2. Outpoping the Pope

Since our Church claims to be the repository of unchanging truth, Catholics of my generation were instilled with a temperament resisting change in Church matters. When some changes did occur, at and after the Second Vatican Council, there was a natural resistance on the part of people fostered in the earlier ethos. Mr. Buckley, thirty years after the changes, still calls the new liturgy “fascistic” in its encouragement of greater participation.

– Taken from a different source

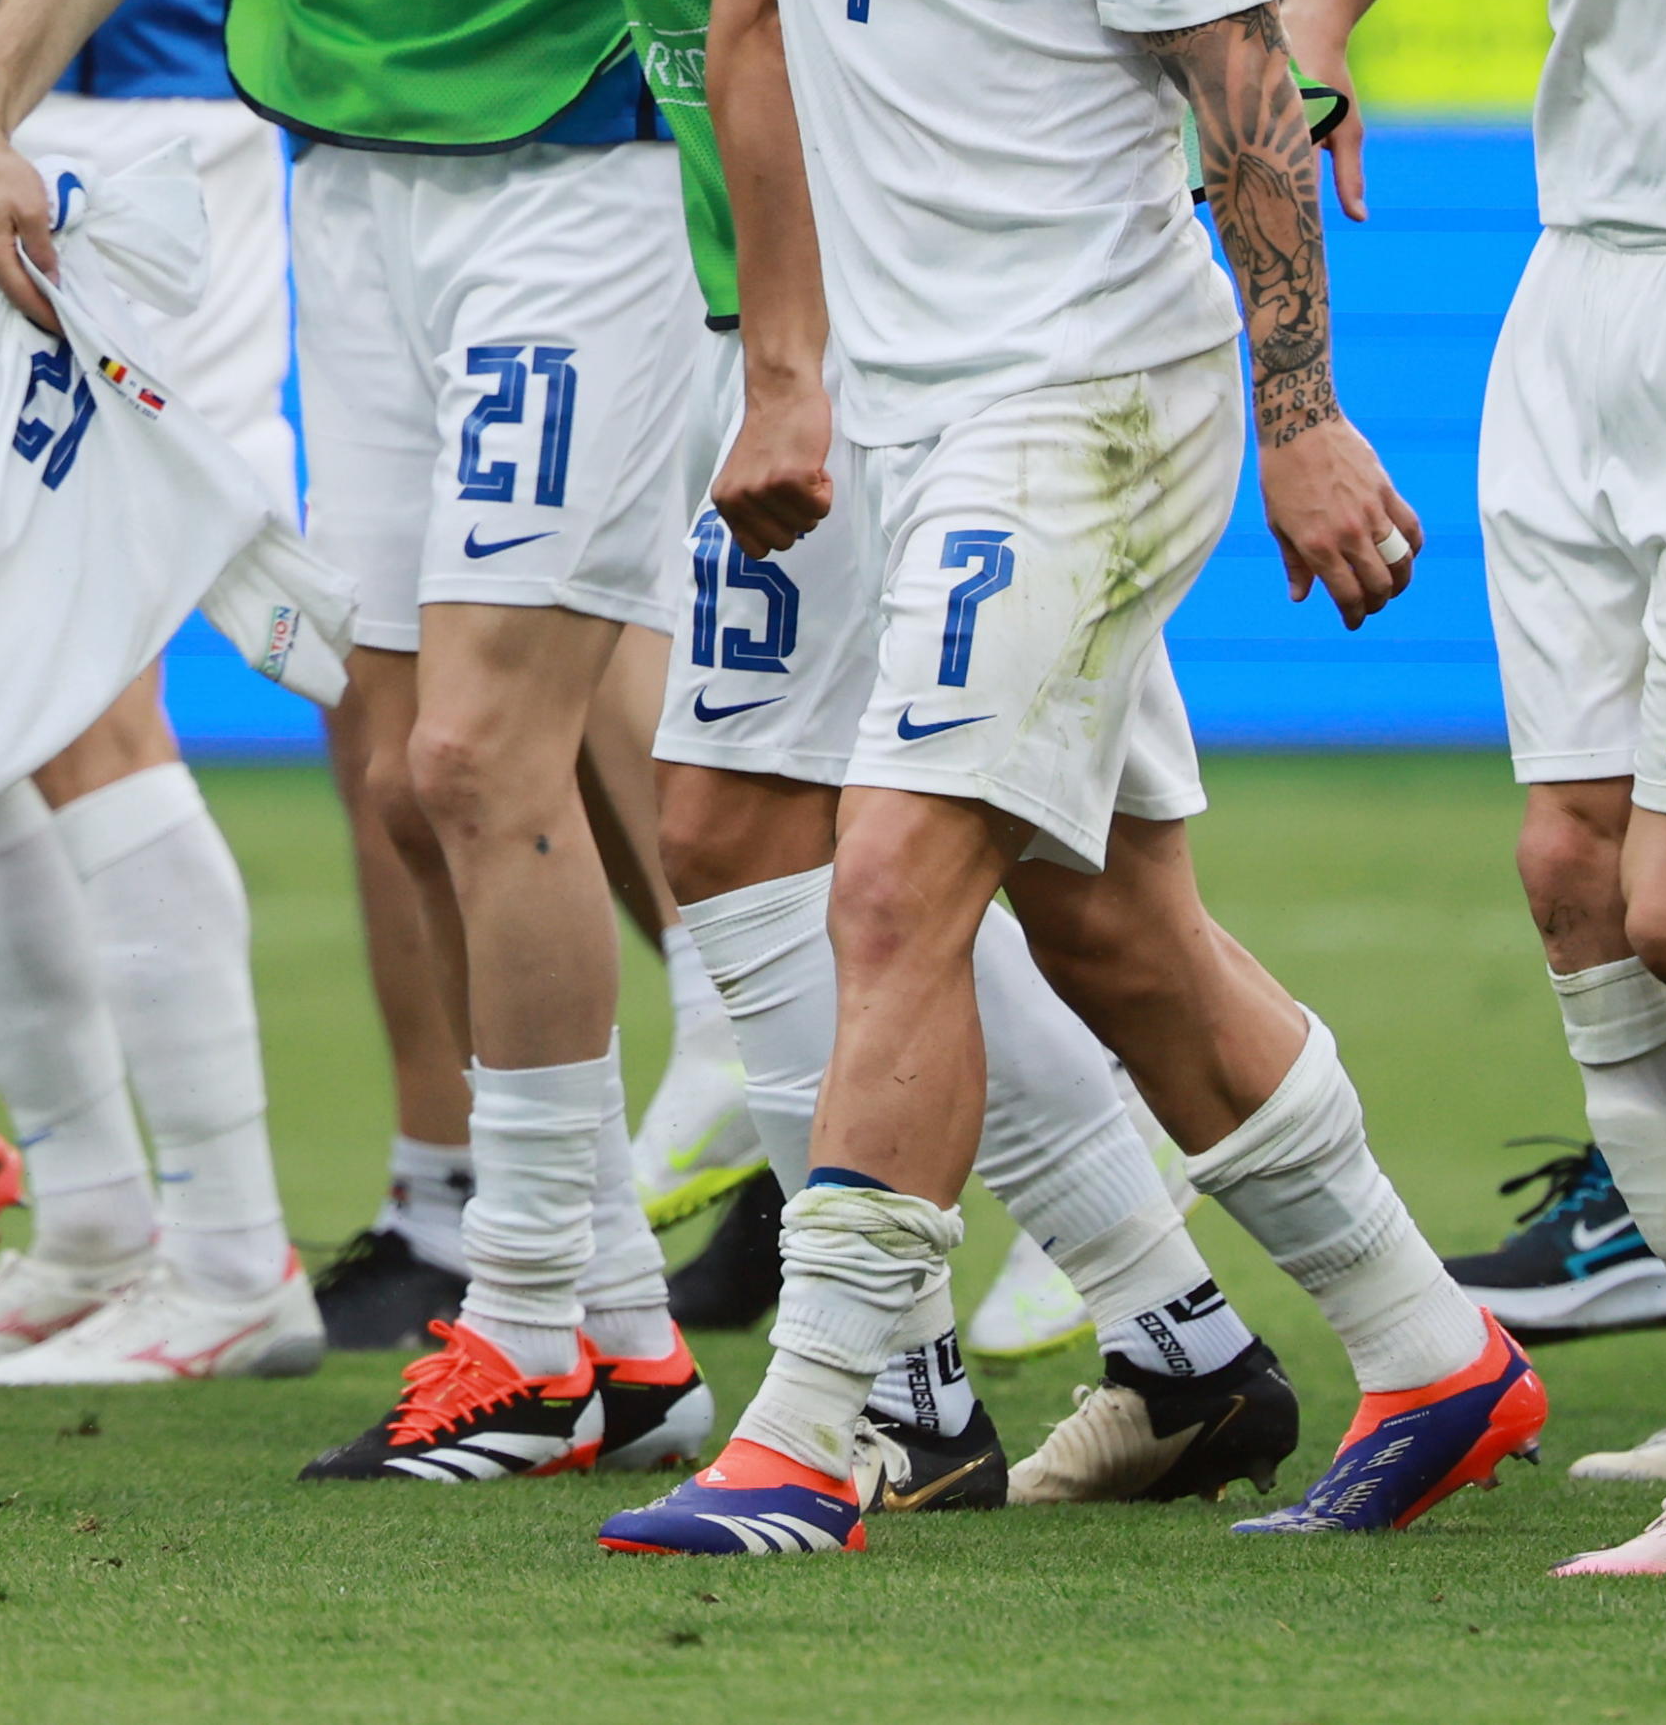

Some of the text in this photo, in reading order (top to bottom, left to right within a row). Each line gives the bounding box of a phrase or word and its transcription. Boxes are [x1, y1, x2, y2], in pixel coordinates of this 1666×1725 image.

[457, 345, 576, 508] 21
[691, 509, 805, 674] 15
[938, 529, 1015, 688] 7

But the panel of conservative experts Mr. Buckley calls on to judge developments in the Church is entirely made up of converts, not of old Catholics. They prove just as opposed to change as Mr. Buckley. That explains, perhaps, their choice as experts. People who adopted the Church because it was a still point in flux—an exception in the modern world, and a rebuke to it—are especially pained to see it yield on any issue. Father Richard Neuhaus, for instance, tells Buckley that he opposes the idea of a non-celibate clergy “when it would be seen so widely as yielding to social pressures.” Buckley’s own investment in ecclesiastical changelessness is clear from his introduction.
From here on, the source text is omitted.